J'avais écrit quelque part de manière provocatrice, que la France, pour parler de notre beau pays, risquait si on laissait les choses aller spontanément, de n'être plus qu'"un lieu de plaisir", celui de la bonne table, des beaux payasages, des vieilles pierres, des grands monuments et... des jolies filles !
Je suis d'accord que cela n'est pas un futur satisfaisant et que, en aucun cas, il ne peut être un "projet" satisfaisant.
Il est vrai que le mouvement mondial né en 68, dont il ne faut pas oublier qu'il est né quelque part dans l'Ouest Américain, a laissé trainer de vieilles idées et de faux slogans.

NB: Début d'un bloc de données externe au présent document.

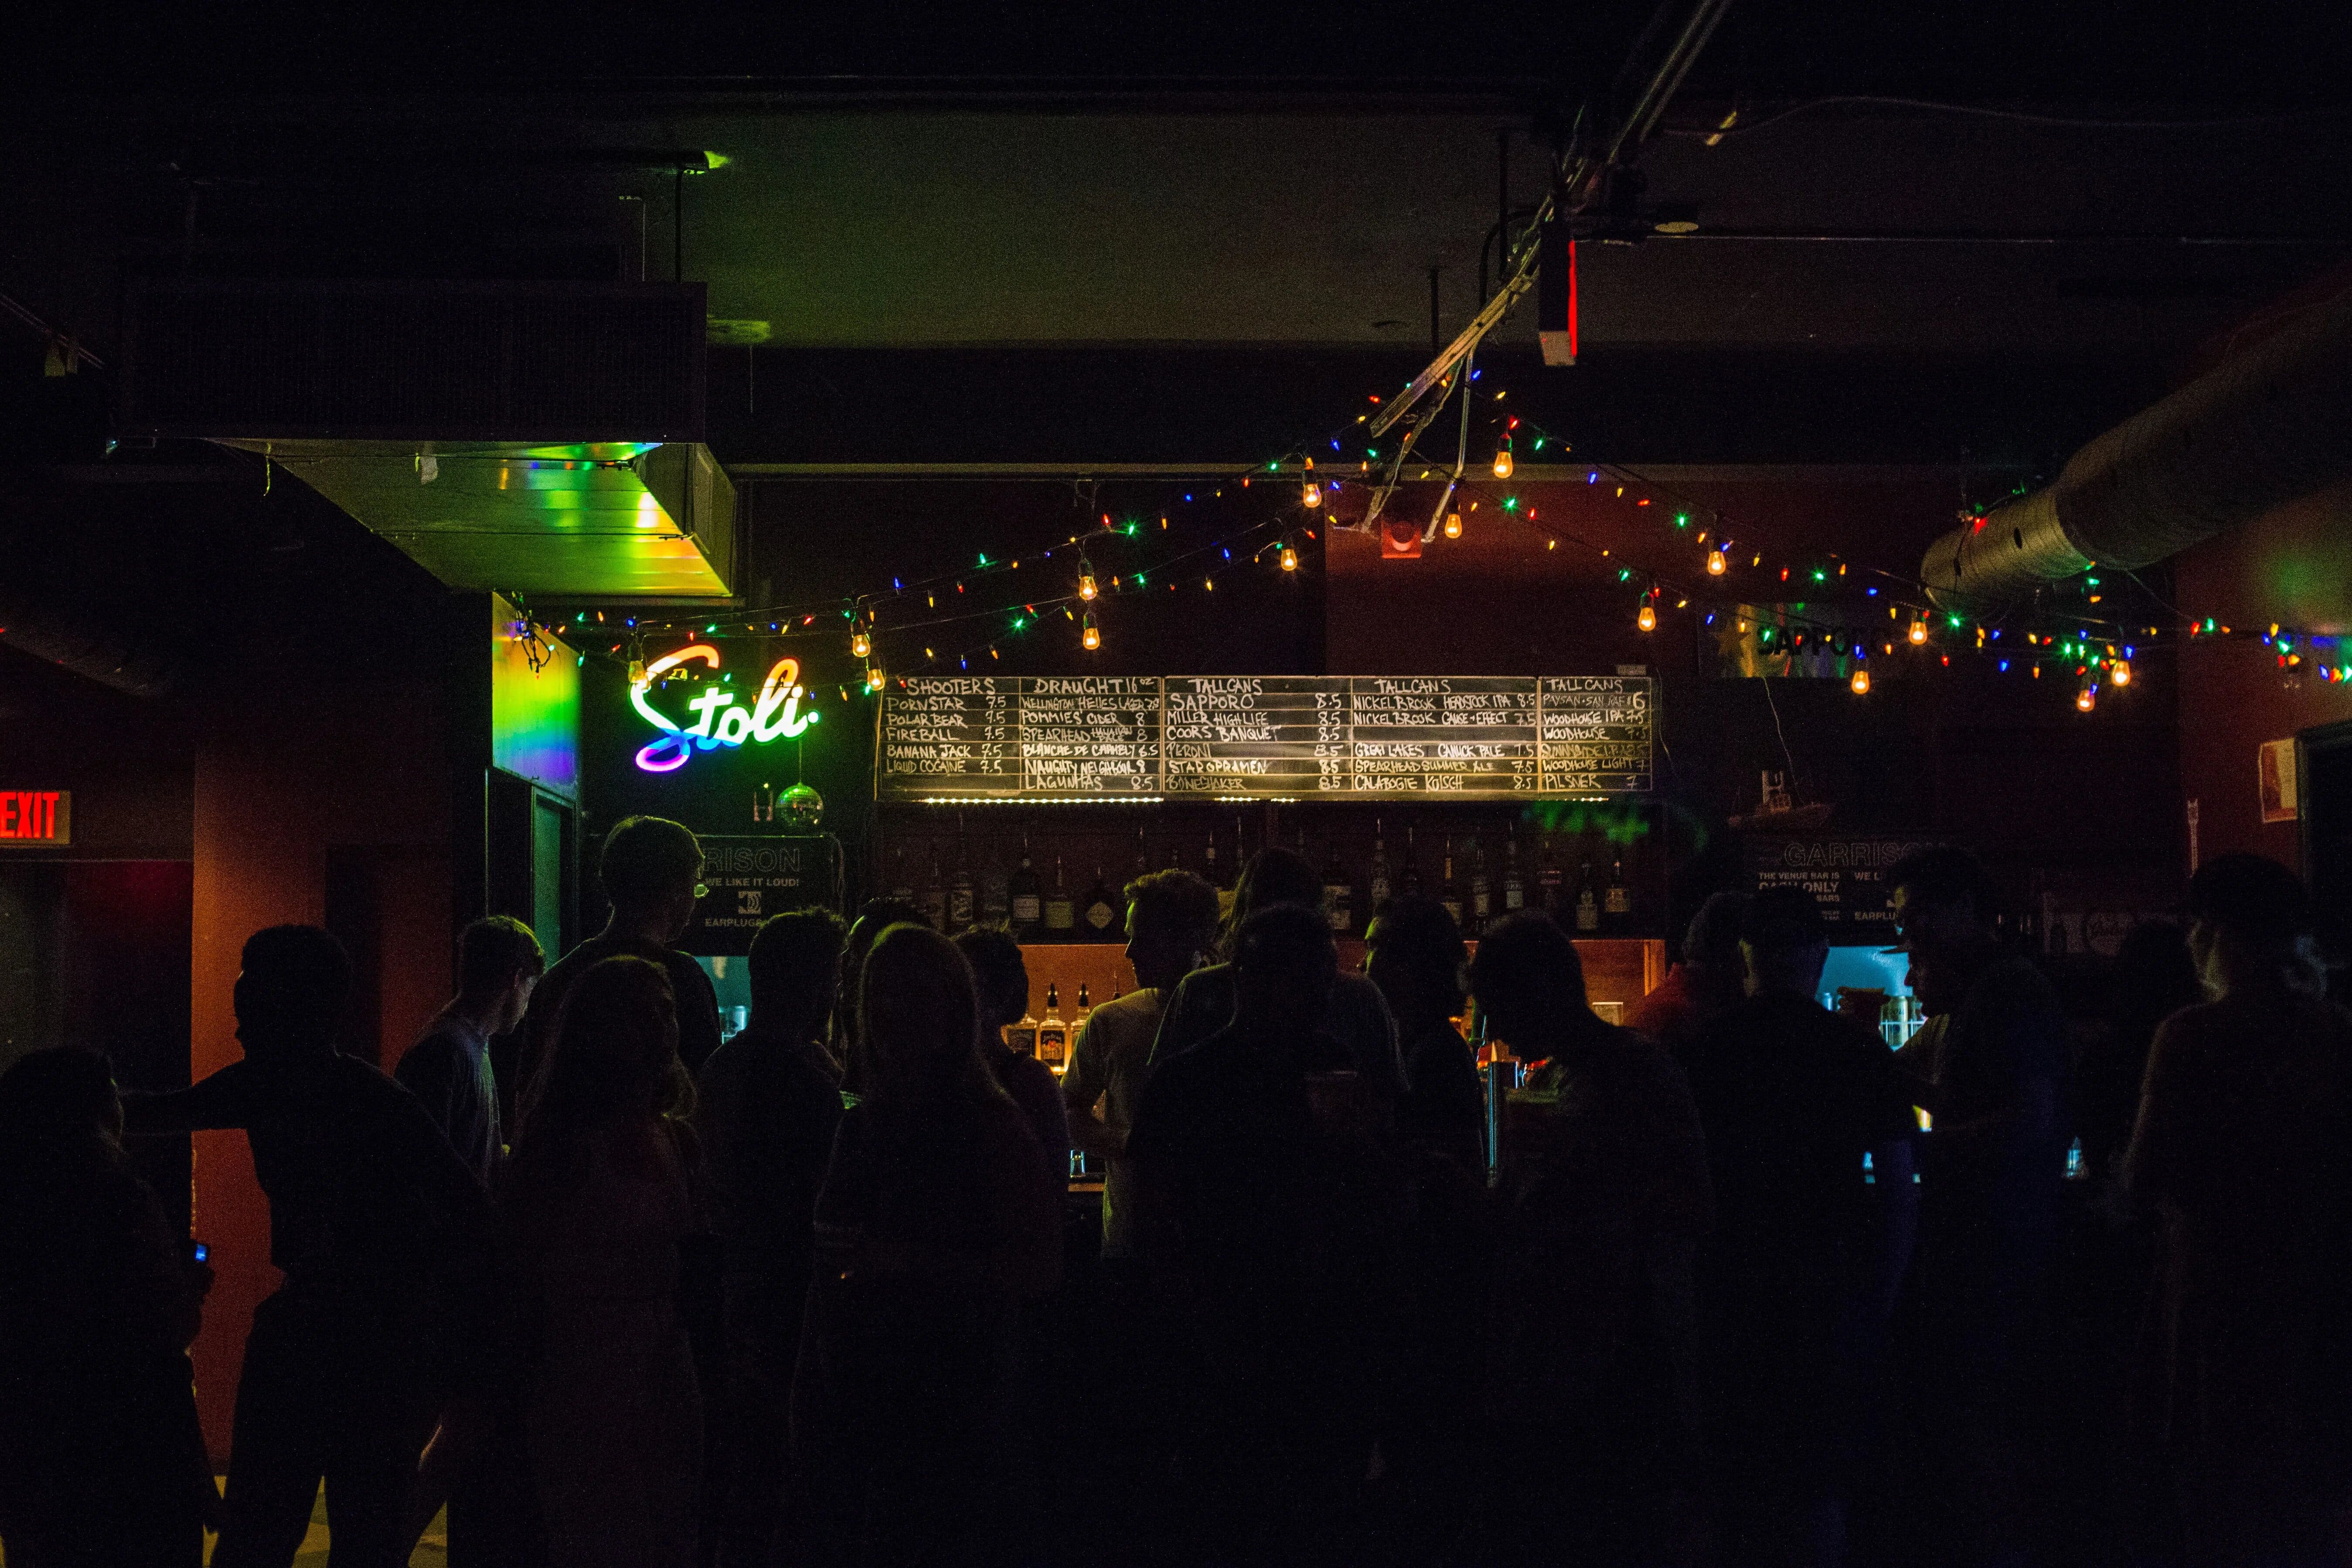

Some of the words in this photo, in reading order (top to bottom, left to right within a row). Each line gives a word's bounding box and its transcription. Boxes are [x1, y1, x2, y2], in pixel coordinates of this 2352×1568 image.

[907, 677, 996, 695] SHOOTERS
[1033, 678, 1123, 694] DRAUGHT
[986, 696, 1006, 709] 7.5
[1022, 697, 1074, 710] WELLINGTON
[1170, 693, 1254, 711] SAPPORO
[1315, 693, 1341, 709] 8.5
[1493, 695, 1511, 708] IPA
[1517, 694, 1535, 707] 8.5
[886, 713, 932, 726] POLAR
[930, 713, 967, 728] BEAR
[986, 711, 1005, 724] 7.5
[1086, 712, 1125, 726] CIDER
[1136, 712, 1144, 727] 8
[1166, 711, 1214, 727] MILLER
[1318, 711, 1341, 726] 8.5
[1514, 713, 1536, 726] 7.5
[1606, 710, 1624, 723] IPA
[886, 728, 960, 741] FIREBALL
[985, 727, 1004, 740] 7.5
[1022, 728, 1090, 742] SPEARHEAD
[1137, 728, 1147, 741] 8
[1166, 726, 1212, 740] COORS
[1215, 725, 1282, 742] BANQUET
[1318, 727, 1341, 741] 8.5
[1543, 727, 1610, 740] WOODHOUSE
[887, 745, 936, 758] BANANA
[939, 744, 971, 757] JACK
[982, 743, 1002, 759] 7.5
[1022, 743, 1072, 757] BLANCHE
[1074, 745, 1089, 756] DE
[1166, 742, 1212, 758] PERONI
[1314, 744, 1343, 757] 8.5
[1388, 744, 1424, 757] LAKES
[1438, 743, 1476, 758] CANUCK
[1475, 744, 1505, 757] PALE
[887, 759, 916, 773] LIQUID
[920, 759, 966, 773] COCAINE
[980, 760, 1002, 775] 7.5
[1025, 759, 1077, 776] NAUGHTY
[1319, 759, 1341, 775] 8.5
[1355, 759, 1421, 773] SPEARHEAD
[1422, 760, 1471, 772] SUMMER
[1511, 760, 1535, 773] 7.5
[1025, 775, 1103, 791] LAGUNITAS
[1131, 775, 1153, 791] 8.5
[1318, 775, 1342, 791] 8.5
[1513, 775, 1532, 790] 8.5
[1542, 774, 1601, 790] PILSNER
[0, 792, 59, 839] EXIT
[705, 878, 722, 887] WE
[725, 878, 749, 887] LIKE
[753, 878, 763, 887] IT
[766, 878, 799, 887] LOUD!
[1854, 871, 1871, 881] WE

Mais, voyons, quels exemples sont donnés à nos jeunes générations, celles qui feront la France de demain par nos "élites en tout genre" d'aujourd'hui ?
Comment vouloir donner de la "valeur" à l'effort, au travail, lorsque toutes les télévisions, les romans, les films, les discours ambiants ne font que l'apologie de l'argent vite gagné, soit par astuce, soit par offrandes du public. Car enfin, comment désigner les 15 millions d'euros que de grands footballeurs encaissent chaque année, si ce n'est comme un tribut versé à un "dieu" par un foule imbécile et idolâtre ?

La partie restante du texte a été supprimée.